China is building a particle collider nearly four times the size of the Large Hadron Collider (LHC) and is expected to produce more than one million Higgs boson particles in its first decade.
Plans for the Circron Electron Positron Collider (CEPC) – a 62-mile collider – was first announced in 2012, just months after the Higgs boson particle was discovered at the LHC. Now, researchers working on the project have released two new design reviews to show what they've been working on for the last six years and what they intend to do in the coming decades.
The report shows how the CEPC's dwarves are LHC, which has a circumference of just under 1
Like the LHC, the CEPC is circular. It is located in an underground tunnel and consists of a linear accelerator, a damping ring, a booster, transport lines and a collider. It is a double ring collider in which electrons and positron beams circulate in opposite directions in separate tubes.
The tunnel in which it is located could also serve as a Super Proton Proton Collider (SppC) – a proposal that it is currently considering. This "supercollider" would reach energies far beyond the LHC – the LHC was designed for a maximum collision energy of 14 TeV, while the SppC would work with an energy of 70 TeV.
"The concept design report shows that we have completed the basic design of accelerator, detector and civil engineering for the entire project," said Professor Gao Yuanning, chairman of the CEPC Institutional Board, in a statement. "Our next step will be focused on the research and development of key technologies and prototypes for the CEPC."
The design report was announced at a ceremony by the Institute of High Energy Physics (IHEP) in Beijing.
Geoffrey Taylor of the University of Melbourne, chair of the International Committee for Future Accelerators (ICFA) and the Asian Committee for Future Accelerators (ACFA) said: "This is an important milestone on the way to such an important facility for fundamental Physics. I have no doubt that the international community is eager to cooperate in the development and operation of the CEPC and in the search for a better understanding of the fundamental components of the matter. "

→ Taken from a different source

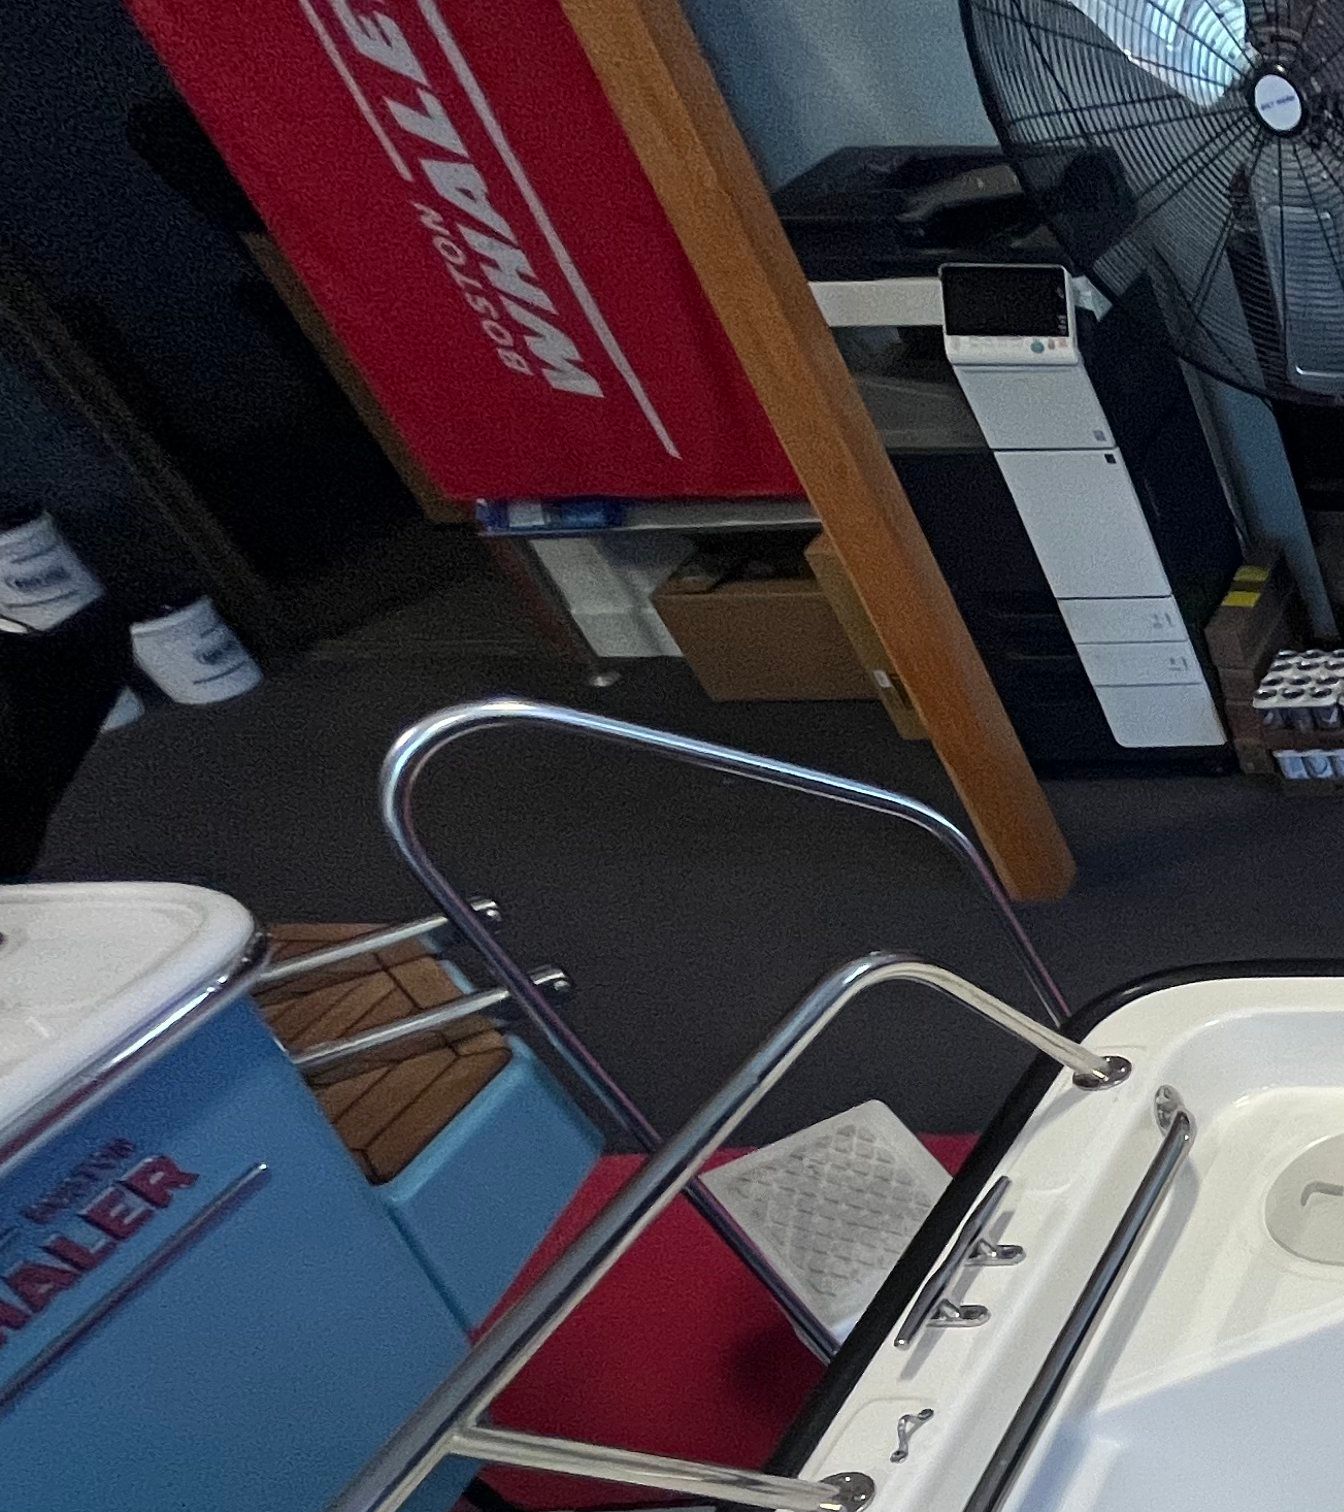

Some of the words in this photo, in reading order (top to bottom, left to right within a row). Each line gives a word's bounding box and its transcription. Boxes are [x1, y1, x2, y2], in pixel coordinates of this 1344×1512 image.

Over the next five years, scientists will carry out extensive research and construction prototypes of key technical components for the CEPC. The infrastructure for the collider is also being built. The construction of the CEPC is expected to begin in 2022 and be completed by 2030.
If the CEPC proves successful, the scientists hope that the SppC supercollider will be operational sometime in the 2030s. "As an Energy Frontier device, the SPPC could discover a whole new set of particles," says the new report. "Dark matter remains one of the most puzzling topics in particle physics and cosmology. The weakly interacting massive particles (WIMPs) are still the most plausible candidates for dark matter. "The researchers could say that the SppC could help to" significantly expand "the search for WIMPs, potentially providing answers to one of the greatest mysteries in the universe.